Slow-burning Recovery Stocks can Raise your Portfolio from The Ashes
Although financial gloom is all over and President Trump is triggering a rumpus with his 'America initially' approach, the UK stock market remains unfazed.
Despite a few wobbles recently - and more to come as Trump rattles international cages - both the FTSE100 and larger FTSE All-Share indices have actually been resistant.
Both are more than 13 percent higher than this time last year - and near to tape-record highs.
Against this background of economic uncertainty, Trump rhetoric and near-market highs, it's tough to believe that any exceptional UK investment chances for client investors exist - so called 'healing' circumstances, where there is potential for the share rate of particular companies to increase like a phoenix from the ashes.
But a band of fund managers is specialising in this contrarian kind of investing: purchasing underestimated business in the expectation that gradually the market will show their true worth.
This undervaluation might arise from poor management leading to organization errors; an unfriendly financial and monetary backdrop; or broader concerns in the industry in which they operate.
Rising like a phoenix: Buying undervalued business in the hope that they'll ultimately soar needs nerves of steel and infinite patience
Yet, the fund managers who buy these shares believe the 'problems' are solvable, although it may take up to five years (occasionally less) for the results to be shown in far greater share rates. Sometimes, to their discouragement, the issues show unsolvable.

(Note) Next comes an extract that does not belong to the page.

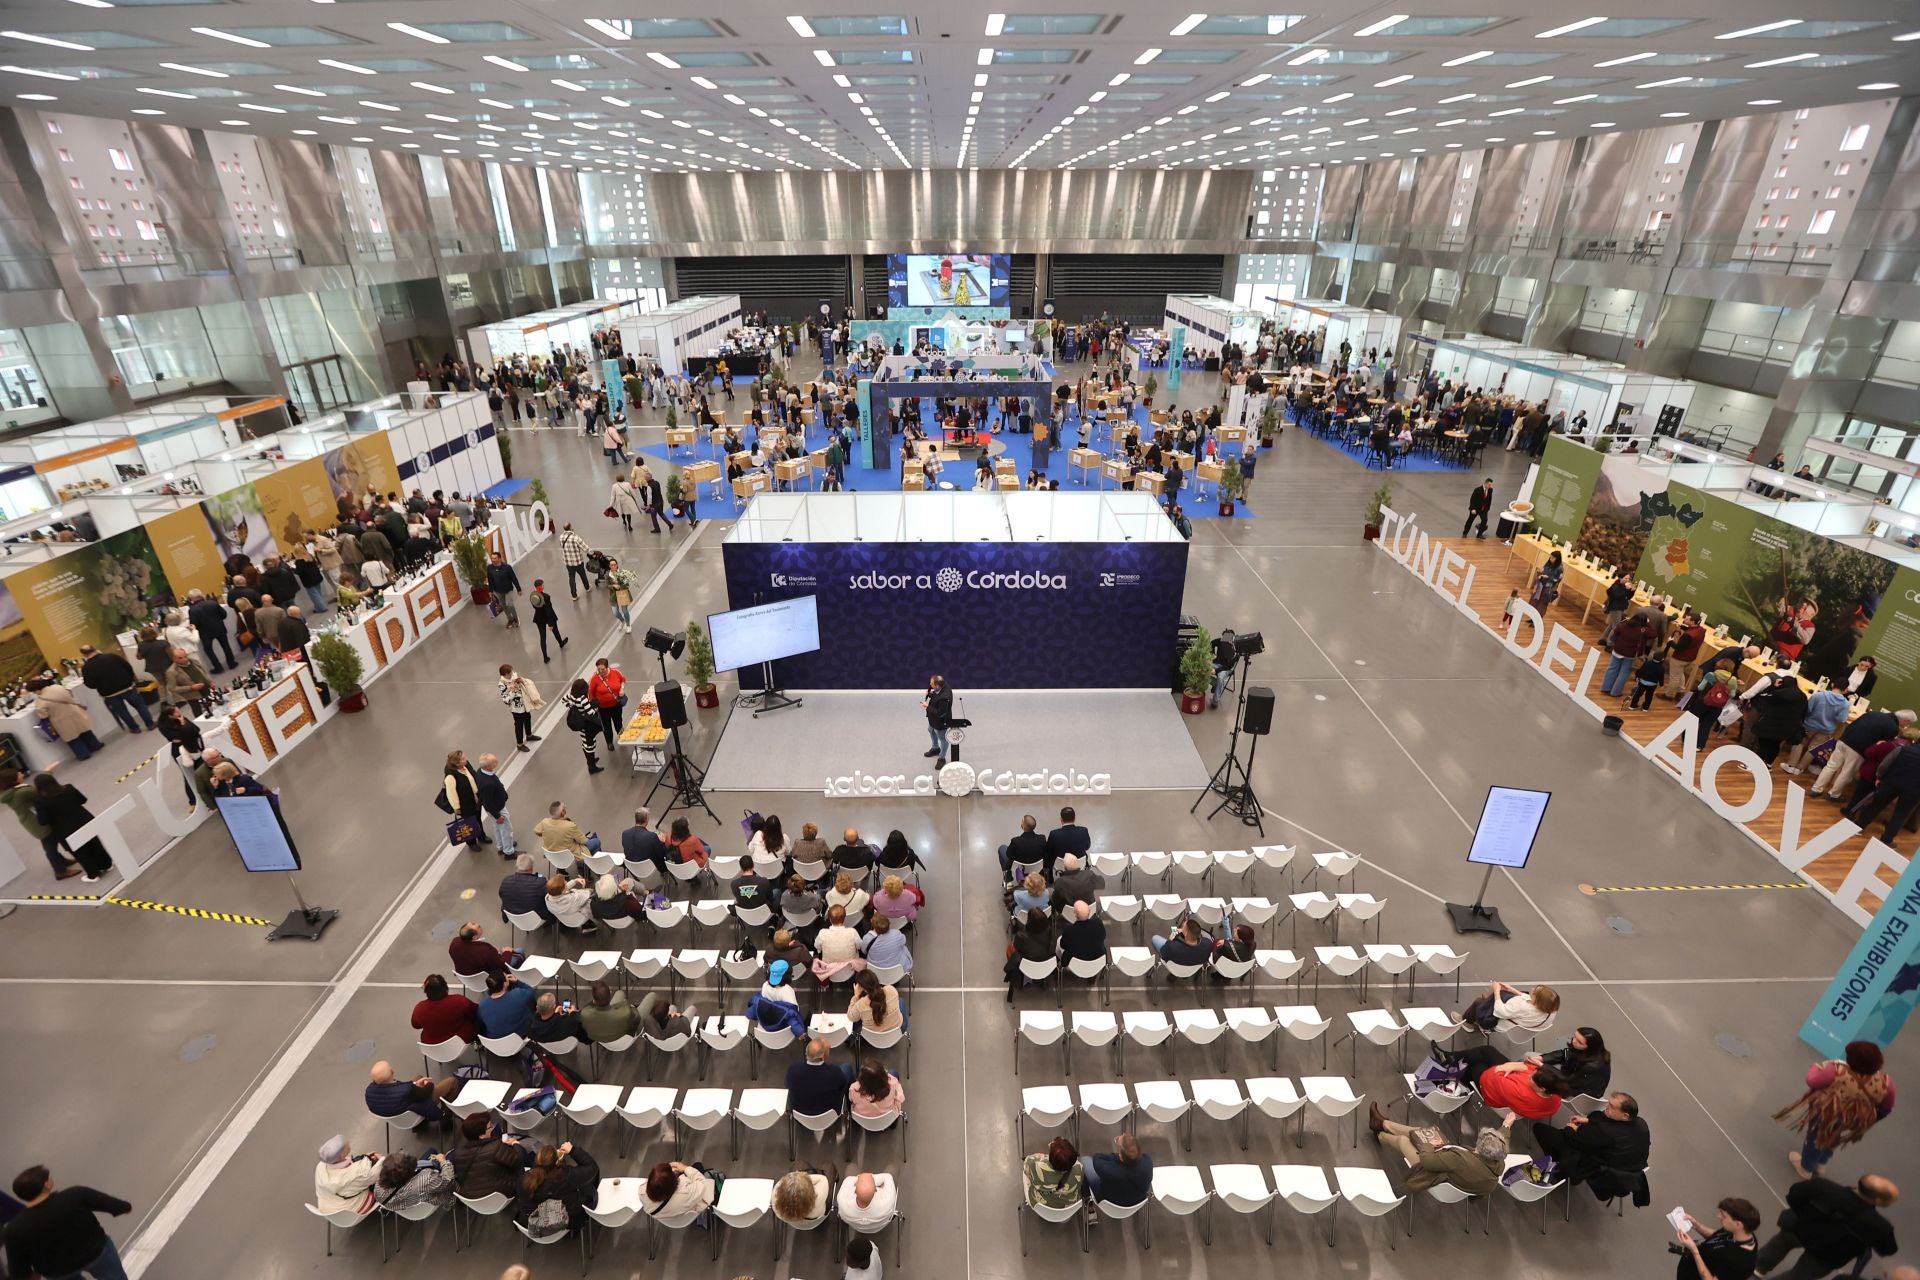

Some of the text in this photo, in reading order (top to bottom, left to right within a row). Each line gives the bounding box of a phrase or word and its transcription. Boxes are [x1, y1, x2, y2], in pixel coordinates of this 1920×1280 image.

Max King spent 30 years in the City as a financial investment manager with the likes of J O Hambro Capital Management and Investec. He says investing for healing is high threat, needs perseverance, a neglect for consensus financial investment thinking - and nerves of steel.
Although financial gloom is all over and President Trump is triggering a rumpus with his 'America initially' approach, the UK stock market remains unfazed.
Despite a few wobbles recently - and more to come as Trump rattles international cages - both the FTSE100 and larger FTSE All-Share indices have actually been resistant.
Both are more than 13 percent higher than this time last year - and near to tape-record highs.
Against this background of economic uncertainty, Trump rhetoric and near-market highs, it's tough to believe that any exceptional UK investment chances for client investors exist - so called 'healing' circumstances, where there is potential for the share rate of particular companies to increase like a phoenix from the ashes.
But a band of fund managers is specialising in this contrarian kind of investing: purchasing underestimated business in the expectation that gradually the market will show their true worth.
This undervaluation might arise from poor management leading to organization errors; an unfriendly financial and monetary backdrop; or broader concerns in the industry in which they operate.
Rising like a phoenix: Buying undervalued business in the hope that they'll ultimately soar needs nerves of steel and infinite patience
Yet, the fund managers who buy these shares believe the 'problems' are solvable, although it may take up to five years (occasionally less) for the results to be shown in far greater share rates. Sometimes, to their discouragement, the issues show unsolvable.
Max King spent 30 years in the City as a financial investment manager with the likes of J O Hambro Capital Management and Investec. He says investing for healing is high threat, needs perseverance, a neglect for consensus financial investment thinking - and nerves of steel.